If man perseveres in the face of all hardships without complaint, he will remain in the remembrance of God. Patient perseverance in this task will stimulate the remembrance of God and thus man will enter the state where he will adhere to Saint Paul’s command “pray continually” ( A Thessalonians 5, 17). Remembrance of God is the espousal of the love for struggle, which is being created so that one is able to obey the divine commandments. Whoever abandons the remembrance of God, turns towards hedonism and tries to find solace through external effusions. He who is ignorant of the divine grace tries to soothe himself by sensual pleasures and comforts. His preference for these causes the direct result which is the love for struggle and hardships. On the contrary, whoever loves God and readily submits to His wishes will receive the visitation of divine grace, which will be the wages for those who love struggle and will replenish any deficiency and answer any query. Grace becomes “all things to all men”; to the thirsty it becomes water; to the hungry food; to the naked garments, to the ignorant knowledge and to passion-slaves freedom and resurrection.

There is something weird about human life. We are forever hearing about bitterness, disillusionments, hardships, pain and the rest of it and we are wondering: Who is preventing man’s salvation since solace is clear? The presence of Word God has solved every problem and has granted in abundance everything we need. “Come to me all who are weary and burdened and I will give you rest. Take my yoke upon you and learn from me, for I am gentle and humble in heart, and you will find rest for your souls. For my yoke is easy and my burden is light” (Matthew 11, 22)

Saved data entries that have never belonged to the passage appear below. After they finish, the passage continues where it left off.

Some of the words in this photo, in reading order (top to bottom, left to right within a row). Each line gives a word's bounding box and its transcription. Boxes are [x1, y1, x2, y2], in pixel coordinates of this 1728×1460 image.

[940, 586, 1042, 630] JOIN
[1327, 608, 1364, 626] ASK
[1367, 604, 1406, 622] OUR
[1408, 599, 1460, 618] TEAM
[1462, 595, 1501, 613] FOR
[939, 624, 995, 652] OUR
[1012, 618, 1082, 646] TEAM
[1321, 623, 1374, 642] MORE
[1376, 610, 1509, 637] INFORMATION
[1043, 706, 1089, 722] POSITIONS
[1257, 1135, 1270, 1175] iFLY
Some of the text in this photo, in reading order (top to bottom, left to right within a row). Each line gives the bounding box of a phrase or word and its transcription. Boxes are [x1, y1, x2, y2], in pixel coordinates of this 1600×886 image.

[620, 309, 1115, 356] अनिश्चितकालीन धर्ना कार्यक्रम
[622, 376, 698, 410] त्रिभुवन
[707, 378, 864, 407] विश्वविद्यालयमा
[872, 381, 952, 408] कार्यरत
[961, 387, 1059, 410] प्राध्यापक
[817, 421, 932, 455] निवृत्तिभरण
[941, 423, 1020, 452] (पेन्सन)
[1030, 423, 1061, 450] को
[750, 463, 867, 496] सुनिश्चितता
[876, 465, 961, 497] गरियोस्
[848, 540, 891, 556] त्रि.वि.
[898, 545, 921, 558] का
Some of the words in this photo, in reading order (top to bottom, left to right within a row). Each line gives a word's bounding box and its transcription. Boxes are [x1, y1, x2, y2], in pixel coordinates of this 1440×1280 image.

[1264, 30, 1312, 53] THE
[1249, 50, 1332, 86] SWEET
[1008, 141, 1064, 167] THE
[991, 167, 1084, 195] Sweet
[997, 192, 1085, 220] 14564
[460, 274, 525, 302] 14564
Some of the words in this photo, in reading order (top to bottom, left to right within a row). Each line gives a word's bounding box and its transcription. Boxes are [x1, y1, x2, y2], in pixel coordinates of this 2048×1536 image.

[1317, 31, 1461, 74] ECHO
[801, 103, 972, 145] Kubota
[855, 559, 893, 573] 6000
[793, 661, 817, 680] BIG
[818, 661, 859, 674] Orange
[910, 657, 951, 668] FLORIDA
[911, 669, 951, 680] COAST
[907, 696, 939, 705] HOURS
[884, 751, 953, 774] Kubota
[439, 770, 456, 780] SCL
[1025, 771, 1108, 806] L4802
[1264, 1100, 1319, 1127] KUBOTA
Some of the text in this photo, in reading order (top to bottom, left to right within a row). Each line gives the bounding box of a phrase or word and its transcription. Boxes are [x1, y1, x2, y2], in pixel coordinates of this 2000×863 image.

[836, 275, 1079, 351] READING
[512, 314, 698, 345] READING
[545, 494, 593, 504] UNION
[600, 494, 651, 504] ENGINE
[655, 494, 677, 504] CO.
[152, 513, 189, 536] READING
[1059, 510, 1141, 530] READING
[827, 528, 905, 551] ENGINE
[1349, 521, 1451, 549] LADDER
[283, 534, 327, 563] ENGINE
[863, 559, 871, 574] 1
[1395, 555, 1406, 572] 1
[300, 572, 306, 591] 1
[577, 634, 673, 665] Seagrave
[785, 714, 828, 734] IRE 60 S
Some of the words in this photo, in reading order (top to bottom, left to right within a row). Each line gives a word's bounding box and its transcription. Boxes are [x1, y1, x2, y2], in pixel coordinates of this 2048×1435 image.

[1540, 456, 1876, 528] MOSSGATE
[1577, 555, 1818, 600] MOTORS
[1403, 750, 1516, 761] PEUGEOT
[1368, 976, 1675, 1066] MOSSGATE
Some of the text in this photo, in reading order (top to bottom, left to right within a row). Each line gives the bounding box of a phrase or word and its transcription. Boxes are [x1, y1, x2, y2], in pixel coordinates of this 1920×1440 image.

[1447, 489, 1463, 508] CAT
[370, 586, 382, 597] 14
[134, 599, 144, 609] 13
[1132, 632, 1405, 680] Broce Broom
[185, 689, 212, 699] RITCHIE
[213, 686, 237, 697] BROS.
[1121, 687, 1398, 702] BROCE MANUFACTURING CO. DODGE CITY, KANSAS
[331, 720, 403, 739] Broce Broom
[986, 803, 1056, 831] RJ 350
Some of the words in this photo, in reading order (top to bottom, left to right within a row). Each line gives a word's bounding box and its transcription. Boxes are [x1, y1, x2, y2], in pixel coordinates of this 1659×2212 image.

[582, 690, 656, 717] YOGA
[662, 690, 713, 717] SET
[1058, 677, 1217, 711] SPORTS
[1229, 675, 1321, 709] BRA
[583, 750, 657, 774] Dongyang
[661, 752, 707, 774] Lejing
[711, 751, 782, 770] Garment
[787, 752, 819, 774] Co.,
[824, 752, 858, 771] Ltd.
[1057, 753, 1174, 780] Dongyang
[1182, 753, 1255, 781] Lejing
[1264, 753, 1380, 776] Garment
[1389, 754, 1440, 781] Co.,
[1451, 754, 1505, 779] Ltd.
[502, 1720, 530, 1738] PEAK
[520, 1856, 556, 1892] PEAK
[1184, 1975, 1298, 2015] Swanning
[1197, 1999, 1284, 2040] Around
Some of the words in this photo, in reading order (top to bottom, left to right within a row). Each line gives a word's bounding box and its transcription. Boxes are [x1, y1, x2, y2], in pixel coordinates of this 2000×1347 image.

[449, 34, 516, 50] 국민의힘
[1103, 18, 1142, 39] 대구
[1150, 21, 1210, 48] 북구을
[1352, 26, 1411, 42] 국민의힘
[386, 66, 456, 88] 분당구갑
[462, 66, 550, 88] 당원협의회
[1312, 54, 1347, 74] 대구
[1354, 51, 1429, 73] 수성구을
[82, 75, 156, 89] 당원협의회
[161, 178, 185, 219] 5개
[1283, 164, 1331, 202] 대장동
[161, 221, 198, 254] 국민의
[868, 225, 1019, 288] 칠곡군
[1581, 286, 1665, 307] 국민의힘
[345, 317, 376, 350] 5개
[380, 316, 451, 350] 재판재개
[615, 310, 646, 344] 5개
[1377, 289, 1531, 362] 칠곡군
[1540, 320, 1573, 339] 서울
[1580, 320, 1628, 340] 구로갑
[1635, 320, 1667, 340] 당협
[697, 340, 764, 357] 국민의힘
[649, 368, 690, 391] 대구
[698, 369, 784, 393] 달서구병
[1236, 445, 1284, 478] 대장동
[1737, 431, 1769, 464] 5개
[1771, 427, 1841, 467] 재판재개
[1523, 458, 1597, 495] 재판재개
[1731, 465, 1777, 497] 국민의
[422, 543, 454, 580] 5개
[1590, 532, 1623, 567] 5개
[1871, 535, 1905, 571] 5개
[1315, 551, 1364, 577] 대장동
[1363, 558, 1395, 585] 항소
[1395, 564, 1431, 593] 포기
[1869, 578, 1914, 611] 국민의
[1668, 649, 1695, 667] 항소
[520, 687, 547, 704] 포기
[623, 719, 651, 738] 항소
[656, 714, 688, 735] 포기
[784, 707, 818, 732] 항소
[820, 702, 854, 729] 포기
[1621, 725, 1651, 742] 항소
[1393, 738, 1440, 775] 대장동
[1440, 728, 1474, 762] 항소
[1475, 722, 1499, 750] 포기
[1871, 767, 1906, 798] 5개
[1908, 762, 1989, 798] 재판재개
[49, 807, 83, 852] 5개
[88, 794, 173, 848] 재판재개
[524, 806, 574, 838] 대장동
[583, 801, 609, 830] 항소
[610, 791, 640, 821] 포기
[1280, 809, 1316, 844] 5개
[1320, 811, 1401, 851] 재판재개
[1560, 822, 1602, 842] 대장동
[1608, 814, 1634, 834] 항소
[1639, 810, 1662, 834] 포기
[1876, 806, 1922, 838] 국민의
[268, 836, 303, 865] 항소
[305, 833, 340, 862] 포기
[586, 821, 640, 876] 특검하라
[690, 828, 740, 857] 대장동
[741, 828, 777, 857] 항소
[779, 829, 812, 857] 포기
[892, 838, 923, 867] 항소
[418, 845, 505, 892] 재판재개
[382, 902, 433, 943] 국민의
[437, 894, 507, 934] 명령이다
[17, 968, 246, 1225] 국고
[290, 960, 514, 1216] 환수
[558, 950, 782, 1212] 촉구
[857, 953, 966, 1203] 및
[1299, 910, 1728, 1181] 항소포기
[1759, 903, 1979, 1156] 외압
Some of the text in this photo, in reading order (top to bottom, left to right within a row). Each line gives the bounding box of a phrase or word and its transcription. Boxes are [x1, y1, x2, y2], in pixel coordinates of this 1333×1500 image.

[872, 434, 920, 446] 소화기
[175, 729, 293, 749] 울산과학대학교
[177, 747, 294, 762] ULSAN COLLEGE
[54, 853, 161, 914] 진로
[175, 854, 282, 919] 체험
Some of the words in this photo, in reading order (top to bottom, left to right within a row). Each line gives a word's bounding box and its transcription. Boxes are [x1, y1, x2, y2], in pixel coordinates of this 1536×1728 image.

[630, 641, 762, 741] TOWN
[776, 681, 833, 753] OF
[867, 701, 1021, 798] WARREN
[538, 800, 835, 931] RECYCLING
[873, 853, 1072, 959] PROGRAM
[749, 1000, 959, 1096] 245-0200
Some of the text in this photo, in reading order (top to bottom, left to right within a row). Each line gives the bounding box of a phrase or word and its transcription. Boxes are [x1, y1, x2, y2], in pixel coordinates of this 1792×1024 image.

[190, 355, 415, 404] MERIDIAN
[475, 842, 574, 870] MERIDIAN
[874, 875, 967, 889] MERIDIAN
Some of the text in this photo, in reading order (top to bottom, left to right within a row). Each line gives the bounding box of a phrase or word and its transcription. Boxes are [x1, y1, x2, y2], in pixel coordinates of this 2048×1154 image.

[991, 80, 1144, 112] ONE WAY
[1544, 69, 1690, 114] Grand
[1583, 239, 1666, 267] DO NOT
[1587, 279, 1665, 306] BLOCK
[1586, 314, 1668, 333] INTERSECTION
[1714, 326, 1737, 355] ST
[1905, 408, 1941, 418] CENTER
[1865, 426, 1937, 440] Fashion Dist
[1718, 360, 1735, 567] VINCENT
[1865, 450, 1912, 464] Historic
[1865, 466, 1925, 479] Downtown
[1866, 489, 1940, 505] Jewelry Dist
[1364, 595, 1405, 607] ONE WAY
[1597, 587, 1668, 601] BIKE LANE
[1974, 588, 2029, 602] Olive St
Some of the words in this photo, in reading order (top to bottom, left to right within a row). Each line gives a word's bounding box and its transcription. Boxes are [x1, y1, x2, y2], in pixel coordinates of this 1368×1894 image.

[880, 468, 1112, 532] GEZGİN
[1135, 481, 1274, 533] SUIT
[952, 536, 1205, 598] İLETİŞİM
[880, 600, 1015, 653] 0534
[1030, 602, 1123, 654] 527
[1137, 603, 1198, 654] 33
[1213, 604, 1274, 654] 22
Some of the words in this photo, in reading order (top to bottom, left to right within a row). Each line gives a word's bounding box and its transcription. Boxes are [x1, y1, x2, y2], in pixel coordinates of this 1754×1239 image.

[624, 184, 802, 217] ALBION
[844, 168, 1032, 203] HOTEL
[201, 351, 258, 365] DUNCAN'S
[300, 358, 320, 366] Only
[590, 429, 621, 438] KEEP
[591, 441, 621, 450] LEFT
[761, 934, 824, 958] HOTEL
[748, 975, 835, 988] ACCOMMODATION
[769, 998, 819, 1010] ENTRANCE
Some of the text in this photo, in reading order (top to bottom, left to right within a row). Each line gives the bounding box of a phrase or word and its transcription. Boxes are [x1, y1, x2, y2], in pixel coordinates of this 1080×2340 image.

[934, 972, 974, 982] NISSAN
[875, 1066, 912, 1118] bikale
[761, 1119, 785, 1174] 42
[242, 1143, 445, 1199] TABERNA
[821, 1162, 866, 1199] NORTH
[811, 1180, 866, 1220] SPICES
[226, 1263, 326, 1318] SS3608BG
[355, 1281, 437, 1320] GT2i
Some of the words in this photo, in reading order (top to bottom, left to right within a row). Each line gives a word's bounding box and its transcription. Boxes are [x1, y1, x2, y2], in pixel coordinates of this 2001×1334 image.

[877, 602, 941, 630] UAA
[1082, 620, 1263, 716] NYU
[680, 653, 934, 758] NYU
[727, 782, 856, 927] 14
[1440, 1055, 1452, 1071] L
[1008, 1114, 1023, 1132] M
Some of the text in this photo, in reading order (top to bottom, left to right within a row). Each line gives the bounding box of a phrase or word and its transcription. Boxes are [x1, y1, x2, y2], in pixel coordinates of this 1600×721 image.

An indication that one has acquired spiritual wisdom is the fact that he perseveres in the coming hardships without blaming anyone for them, despite knowing those who have caused them. Then he imitates our Savor Christ, who was praying for those who crucified Him. “Father forgive them for they do not know what they are doing” (Luke 23, 34). How many of us view the commandments as oppression against our freedom and blame God for making demands on us? Where are now these demands? He who controls himself avoids the lack of restrain; He who has no property abstains from greed; the quiet from trouble; the pure from hedonism; the modest from fornication; the self-sufficient from the love for money; the gentle from fury; the humble from selfishness; the obedient from quarrel; the audacious from hypocrisy; the confessor from denial and the martyr from idolatry. There it is then. Every virtue which is performed unto death is nothing but the annulment of the corresponding vice and sin. Therefore, this becomes an obligation for our rational existence. Where are then, the so-called imposition and the harness to our freedom? This obligation is not even an exchange for the kingdom of heaven, since obeying the commandments constitutes a natural duty and therefore the kingdom of heaven is given for free.